(DATASET EXCERPTS)

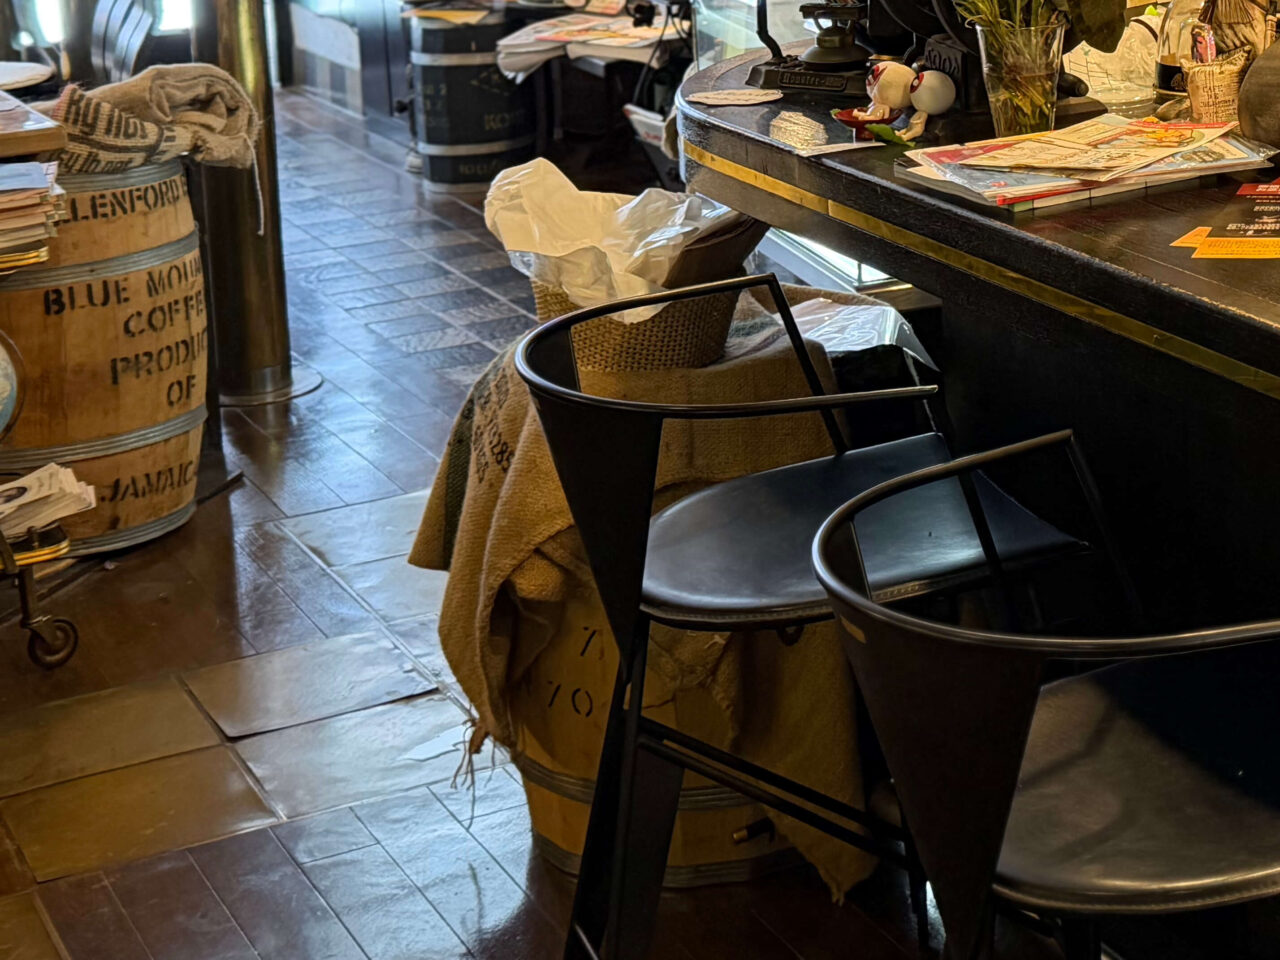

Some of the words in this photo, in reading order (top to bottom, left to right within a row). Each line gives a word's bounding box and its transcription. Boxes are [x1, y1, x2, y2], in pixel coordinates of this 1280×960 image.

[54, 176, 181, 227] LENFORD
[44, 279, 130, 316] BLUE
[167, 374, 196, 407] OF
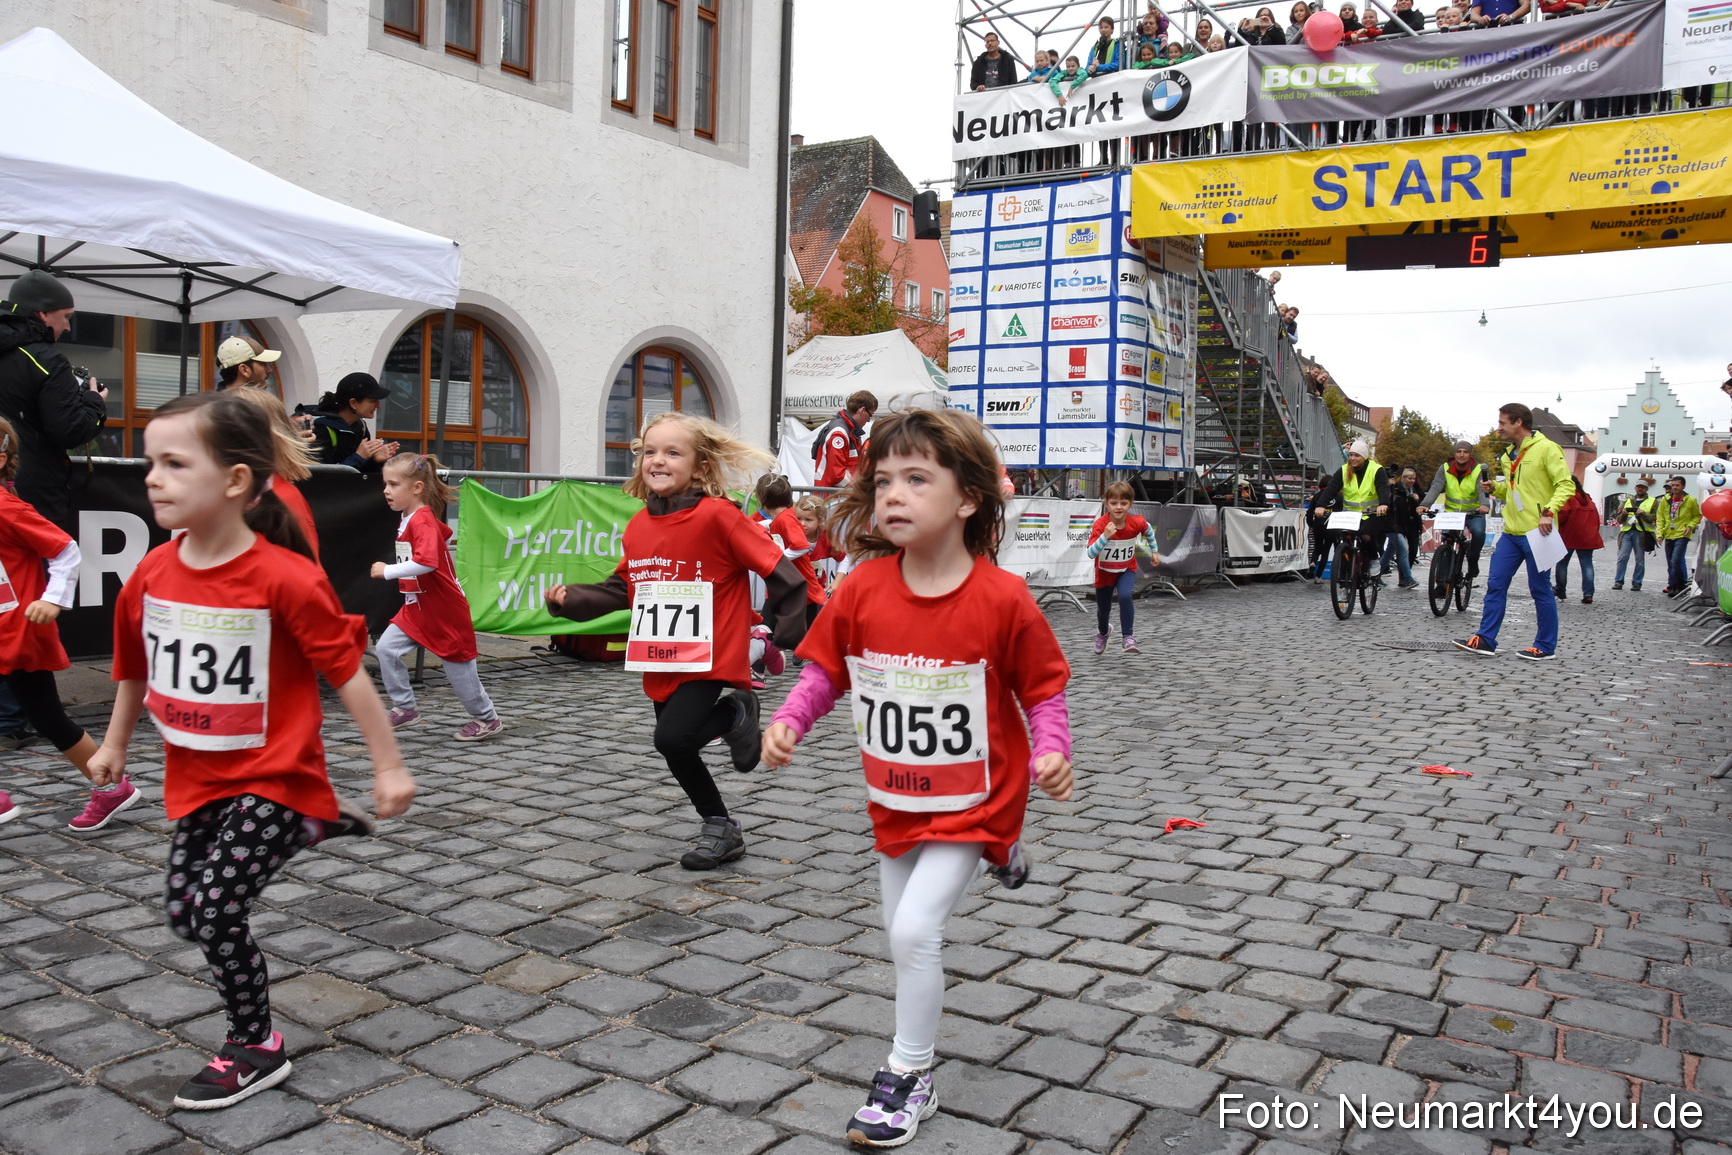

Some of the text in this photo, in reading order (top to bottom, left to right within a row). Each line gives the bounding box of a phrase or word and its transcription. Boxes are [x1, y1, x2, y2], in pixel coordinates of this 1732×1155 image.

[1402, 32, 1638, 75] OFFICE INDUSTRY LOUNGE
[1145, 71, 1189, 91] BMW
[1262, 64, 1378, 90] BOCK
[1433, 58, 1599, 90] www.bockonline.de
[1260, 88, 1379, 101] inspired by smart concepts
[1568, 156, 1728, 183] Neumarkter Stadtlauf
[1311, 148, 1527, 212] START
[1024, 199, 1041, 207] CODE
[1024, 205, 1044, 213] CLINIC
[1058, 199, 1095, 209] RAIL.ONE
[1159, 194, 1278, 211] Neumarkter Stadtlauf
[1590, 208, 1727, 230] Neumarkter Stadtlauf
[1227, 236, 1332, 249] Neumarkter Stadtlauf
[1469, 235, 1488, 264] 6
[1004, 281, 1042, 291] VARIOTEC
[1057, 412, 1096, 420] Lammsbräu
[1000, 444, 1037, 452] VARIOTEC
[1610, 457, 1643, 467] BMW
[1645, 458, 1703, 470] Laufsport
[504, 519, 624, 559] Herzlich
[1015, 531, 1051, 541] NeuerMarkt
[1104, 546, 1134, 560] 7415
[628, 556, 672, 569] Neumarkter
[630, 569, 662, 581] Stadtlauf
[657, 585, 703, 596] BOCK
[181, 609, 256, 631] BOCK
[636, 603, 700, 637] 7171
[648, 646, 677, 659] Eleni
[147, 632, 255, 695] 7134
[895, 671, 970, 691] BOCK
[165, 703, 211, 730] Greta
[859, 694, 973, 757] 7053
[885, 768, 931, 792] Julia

(End DATASET EXCERPTS)

YOUR OBJECTIVE. Print the data again word for word, pictures excluded.

SOLUTION TO THE EXERCISE.
Some of the words in this photo, in reading order (top to bottom, left to right within a row). Each line gives a word's bounding box and its transcription. Boxes are [x1, y1, x2, y2], in pixel coordinates of this 1280×960 image.

[54, 176, 181, 227] LENFORD
[44, 279, 130, 316] BLUE
[167, 374, 196, 407] OF

Some of the text in this photo, in reading order (top to bottom, left to right within a row). Each line gives the bounding box of a phrase or word and its transcription. Boxes are [x1, y1, x2, y2], in pixel coordinates of this 1732×1155 image.

[1402, 32, 1638, 75] OFFICE INDUSTRY LOUNGE
[1145, 71, 1189, 91] BMW
[1262, 64, 1378, 90] BOCK
[1433, 58, 1599, 90] www.bockonline.de
[1260, 88, 1379, 101] inspired by smart concepts
[1568, 156, 1728, 183] Neumarkter Stadtlauf
[1311, 148, 1527, 212] START
[1024, 199, 1041, 207] CODE
[1024, 205, 1044, 213] CLINIC
[1058, 199, 1095, 209] RAIL.ONE
[1159, 194, 1278, 211] Neumarkter Stadtlauf
[1590, 208, 1727, 230] Neumarkter Stadtlauf
[1227, 236, 1332, 249] Neumarkter Stadtlauf
[1469, 235, 1488, 264] 6
[1004, 281, 1042, 291] VARIOTEC
[1057, 412, 1096, 420] Lammsbräu
[1000, 444, 1037, 452] VARIOTEC
[1610, 457, 1643, 467] BMW
[1645, 458, 1703, 470] Laufsport
[504, 519, 624, 559] Herzlich
[1015, 531, 1051, 541] NeuerMarkt
[1104, 546, 1134, 560] 7415
[628, 556, 672, 569] Neumarkter
[630, 569, 662, 581] Stadtlauf
[657, 585, 703, 596] BOCK
[181, 609, 256, 631] BOCK
[636, 603, 700, 637] 7171
[648, 646, 677, 659] Eleni
[147, 632, 255, 695] 7134
[895, 671, 970, 691] BOCK
[165, 703, 211, 730] Greta
[859, 694, 973, 757] 7053
[885, 768, 931, 792] Julia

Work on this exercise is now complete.